- Information

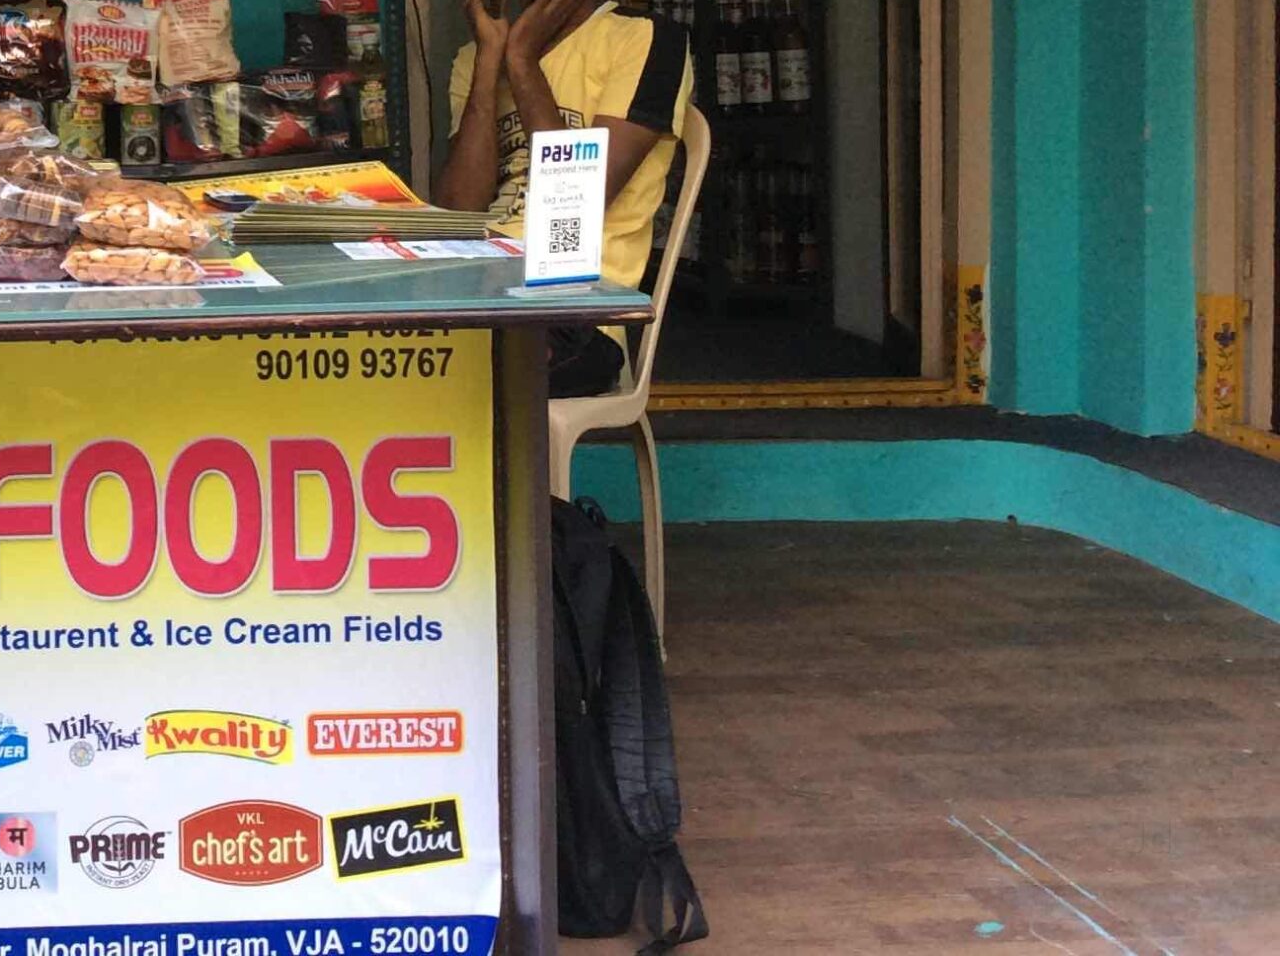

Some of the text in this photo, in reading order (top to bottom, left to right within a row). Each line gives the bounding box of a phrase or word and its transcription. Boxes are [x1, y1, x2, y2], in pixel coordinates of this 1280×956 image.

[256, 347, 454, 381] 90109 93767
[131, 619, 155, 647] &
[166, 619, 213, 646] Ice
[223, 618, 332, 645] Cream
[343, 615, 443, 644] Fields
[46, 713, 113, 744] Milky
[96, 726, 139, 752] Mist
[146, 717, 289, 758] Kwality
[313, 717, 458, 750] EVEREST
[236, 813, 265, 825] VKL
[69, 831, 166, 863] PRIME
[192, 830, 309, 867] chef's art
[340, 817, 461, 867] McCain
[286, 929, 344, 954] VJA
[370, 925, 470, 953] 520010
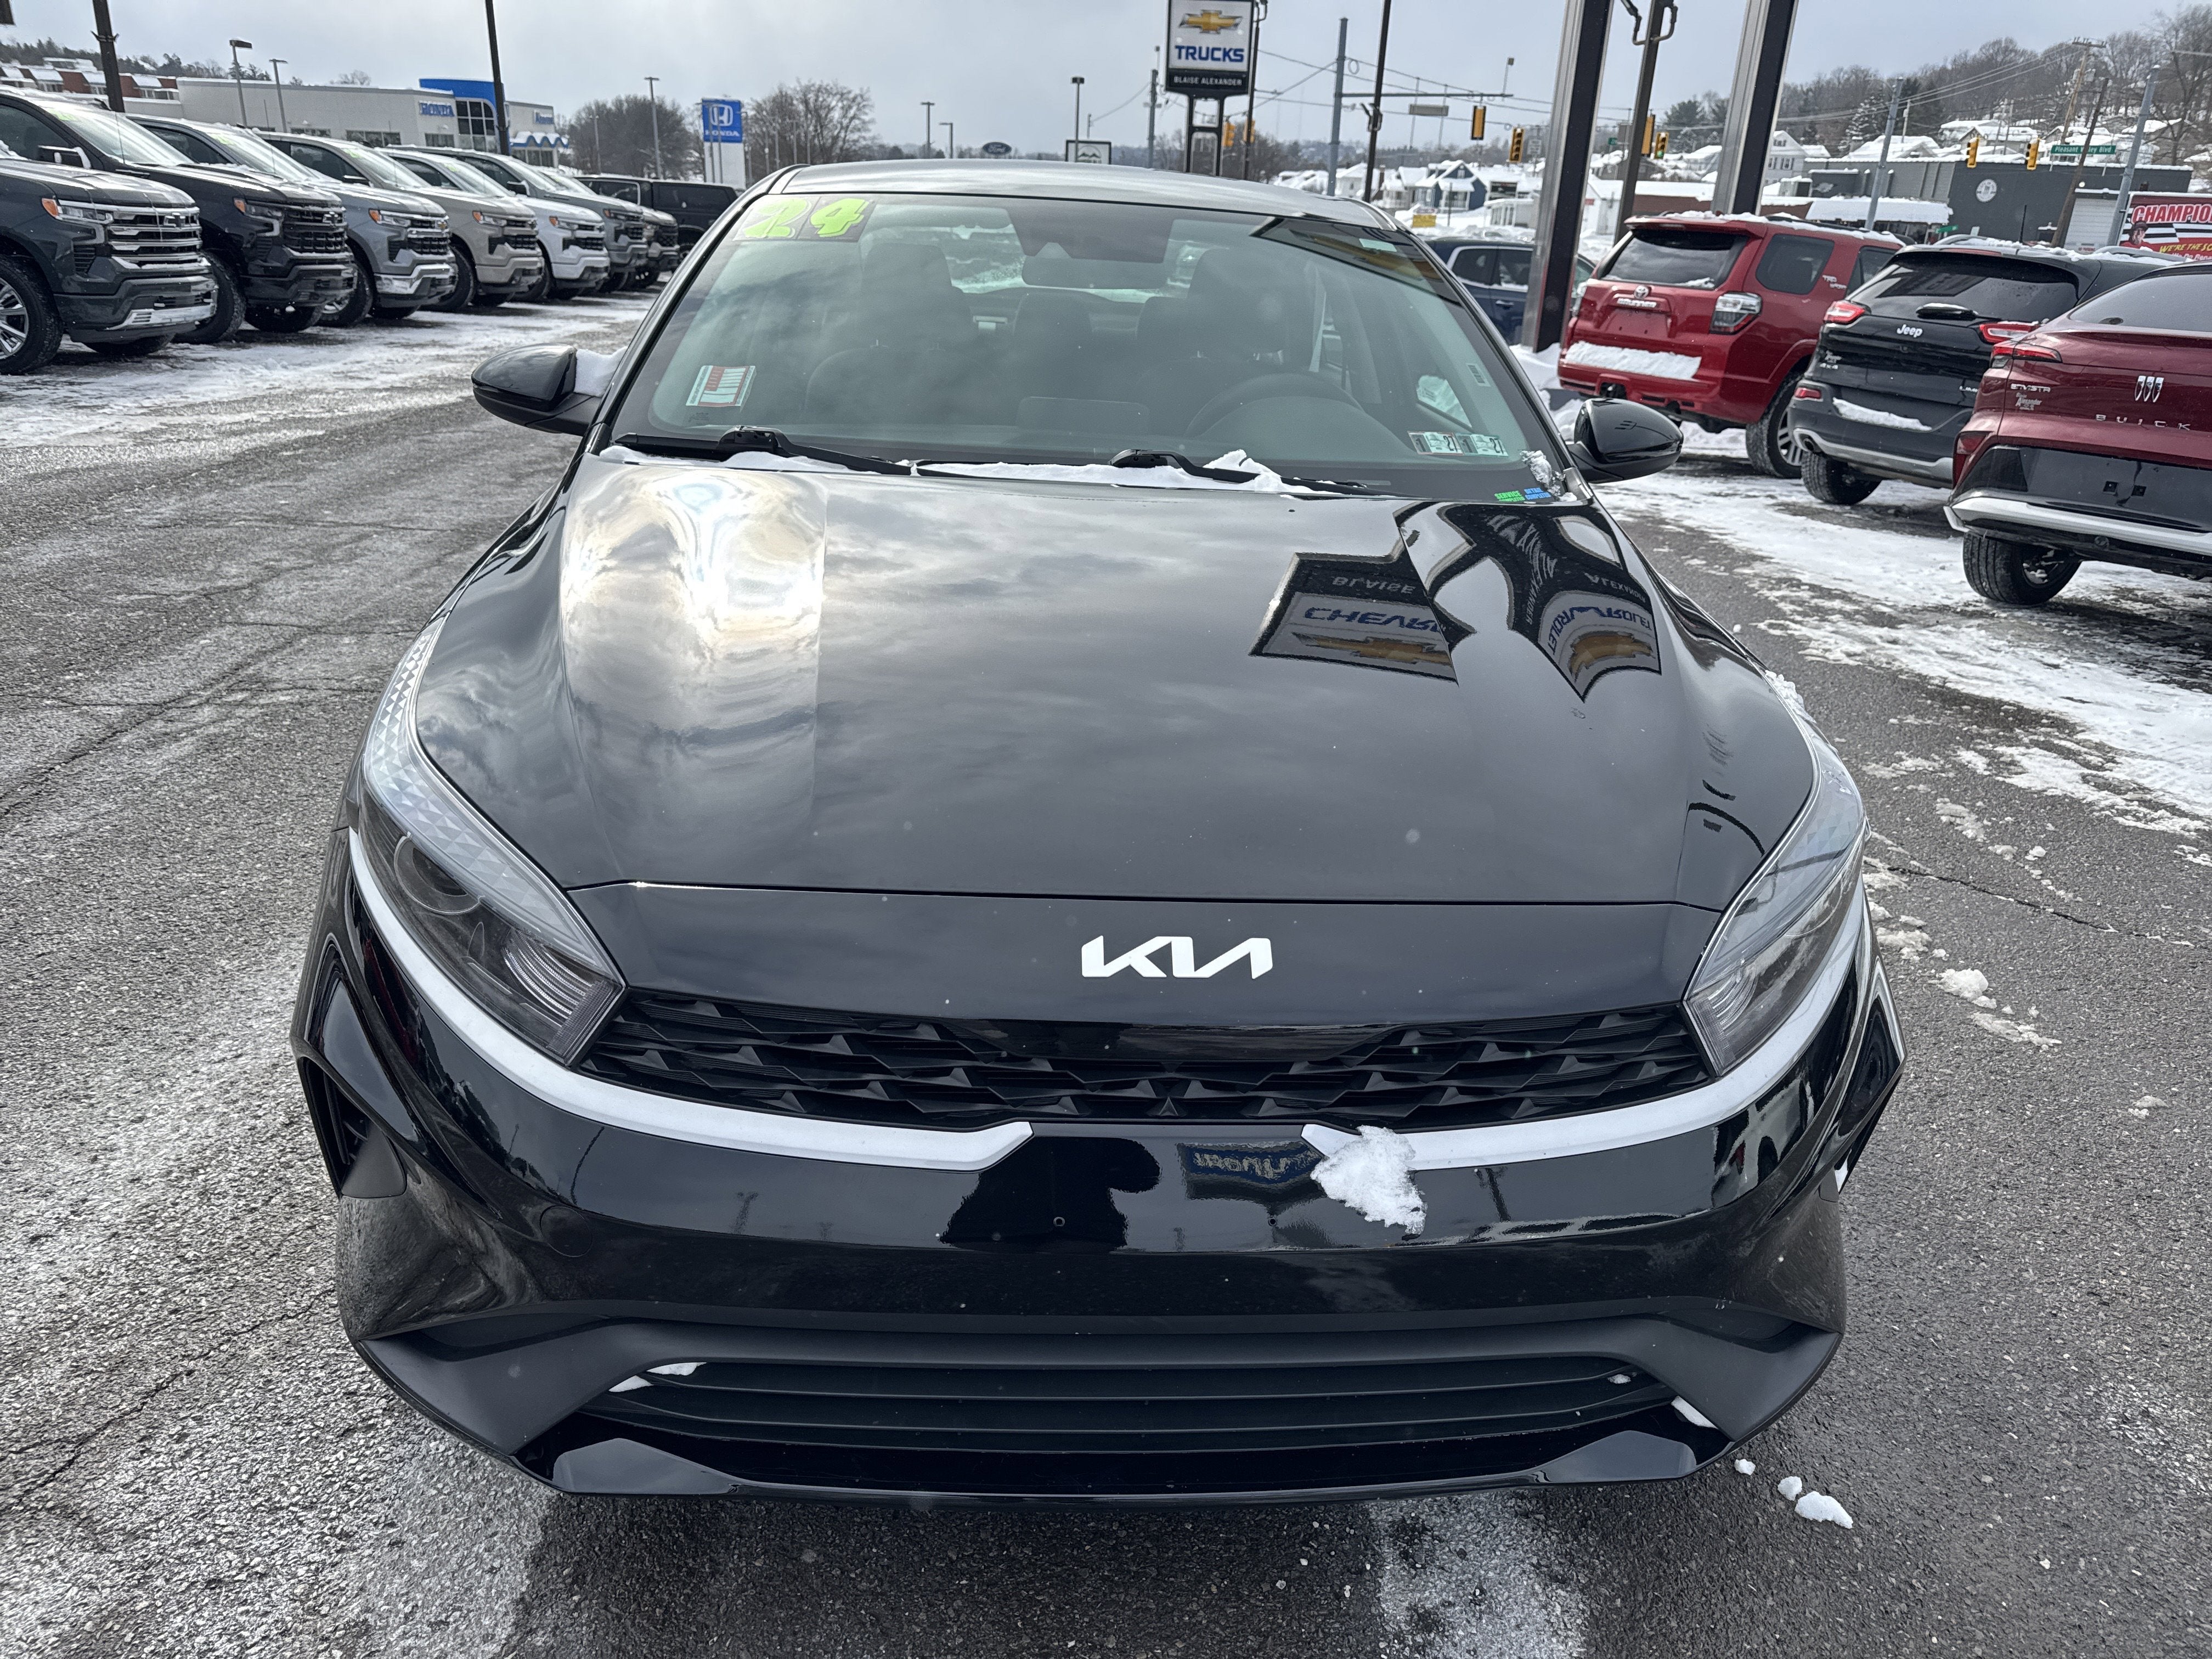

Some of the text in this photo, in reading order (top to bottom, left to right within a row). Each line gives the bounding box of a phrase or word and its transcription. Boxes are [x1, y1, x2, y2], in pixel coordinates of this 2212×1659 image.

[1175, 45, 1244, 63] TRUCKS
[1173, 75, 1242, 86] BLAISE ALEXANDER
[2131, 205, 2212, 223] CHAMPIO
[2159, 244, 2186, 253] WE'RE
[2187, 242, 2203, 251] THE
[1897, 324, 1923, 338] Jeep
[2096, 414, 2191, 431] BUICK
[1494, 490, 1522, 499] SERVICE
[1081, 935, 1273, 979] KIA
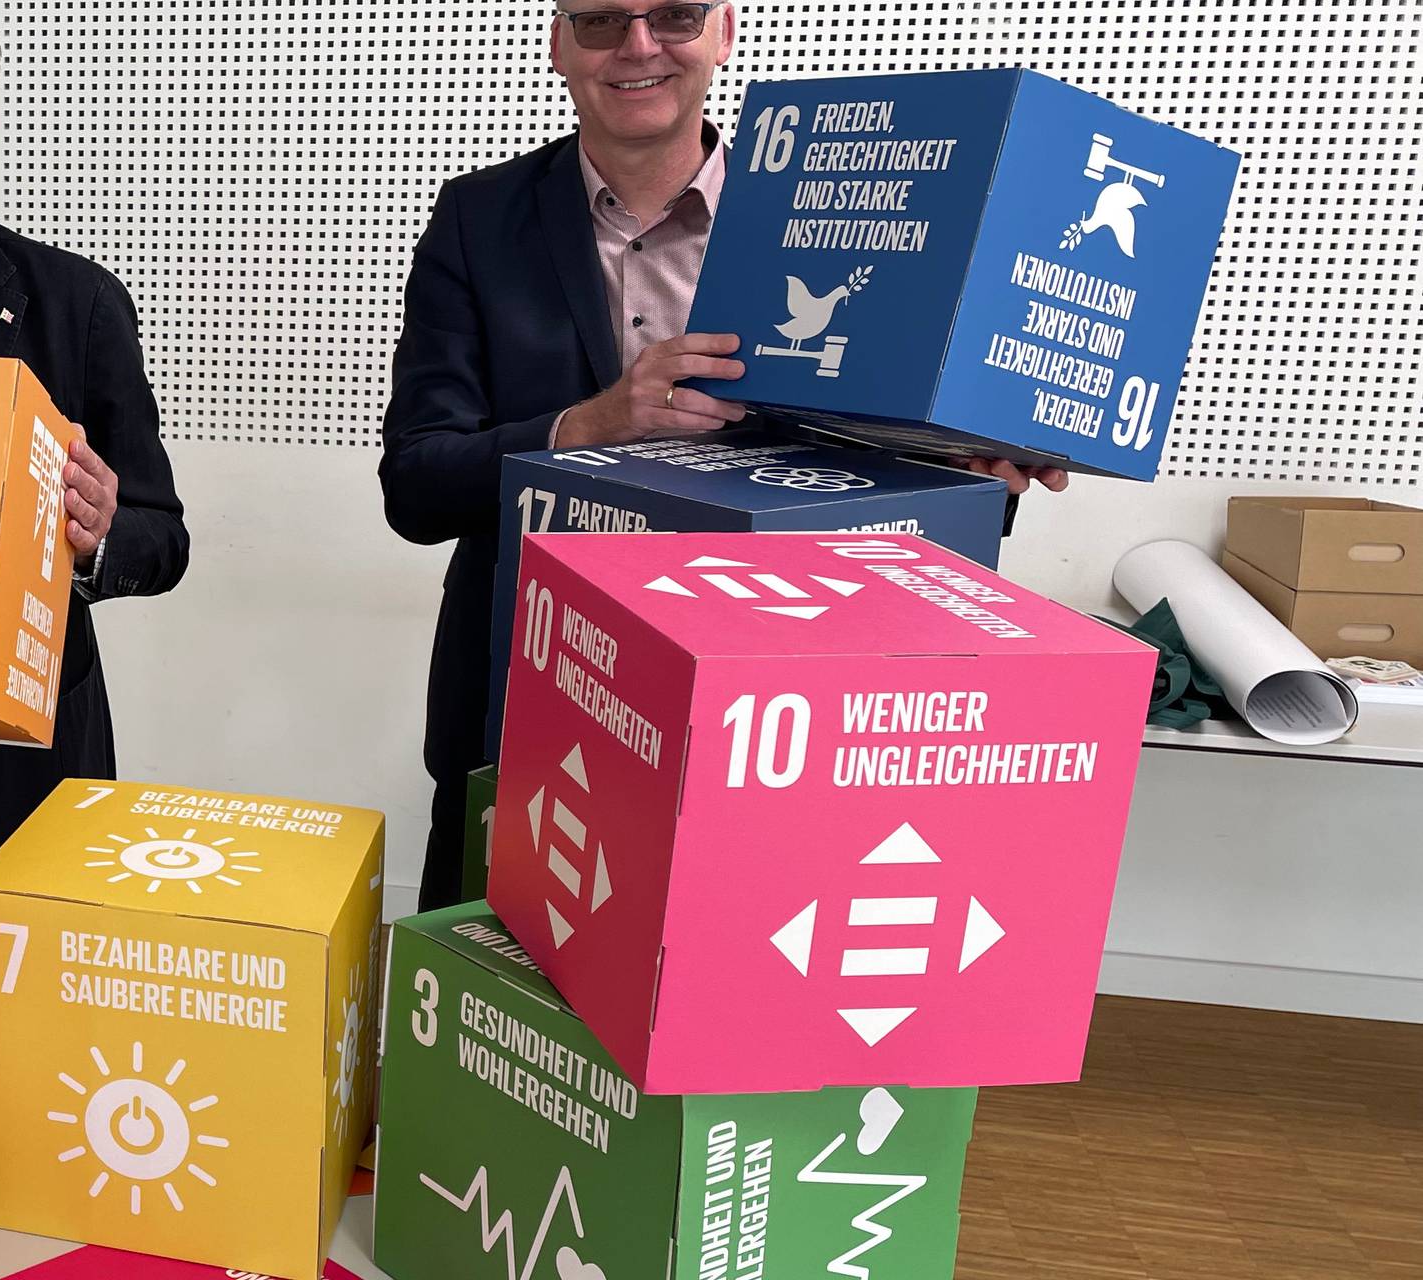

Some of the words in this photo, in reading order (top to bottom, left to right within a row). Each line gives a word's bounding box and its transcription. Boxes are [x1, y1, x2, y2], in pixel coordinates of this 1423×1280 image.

- Task statement
Word for word, restate the records above and drop the pictures.

- Response area
Some of the text in this photo, in reading order (top to bottom, left to right within a row). Each line gives the bounding box of a phrase or word and its transcription. Boxes are [x1, y1, x2, y2], in pixel coordinates of this 1280×956 image.

[256, 347, 454, 381] 90109 93767
[131, 619, 155, 647] &
[166, 619, 213, 646] Ice
[223, 618, 332, 645] Cream
[343, 615, 443, 644] Fields
[46, 713, 113, 744] Milky
[96, 726, 139, 752] Mist
[146, 717, 289, 758] Kwality
[313, 717, 458, 750] EVEREST
[236, 813, 265, 825] VKL
[69, 831, 166, 863] PRIME
[192, 830, 309, 867] chef's art
[340, 817, 461, 867] McCain
[286, 929, 344, 954] VJA
[370, 925, 470, 953] 520010

Some of the text in this photo, in reading order (top to bottom, left to right within a row). Each line gives the bounding box of a phrase or word and its transcription. Boxes are [x1, y1, x2, y2], in pixel coordinates of this 2212×1659 image.

[1175, 45, 1244, 63] TRUCKS
[1173, 75, 1242, 86] BLAISE ALEXANDER
[2131, 205, 2212, 223] CHAMPIO
[2159, 244, 2186, 253] WE'RE
[2187, 242, 2203, 251] THE
[1897, 324, 1923, 338] Jeep
[2096, 414, 2191, 431] BUICK
[1494, 490, 1522, 499] SERVICE
[1081, 935, 1273, 979] KIA

Some of the words in this photo, in reading order (top to bottom, left to right within a row). Each line gives a word's bounding box and its transcription. Boxes are [x1, y1, x2, y2], in pixel coordinates of this 1423×1280 image.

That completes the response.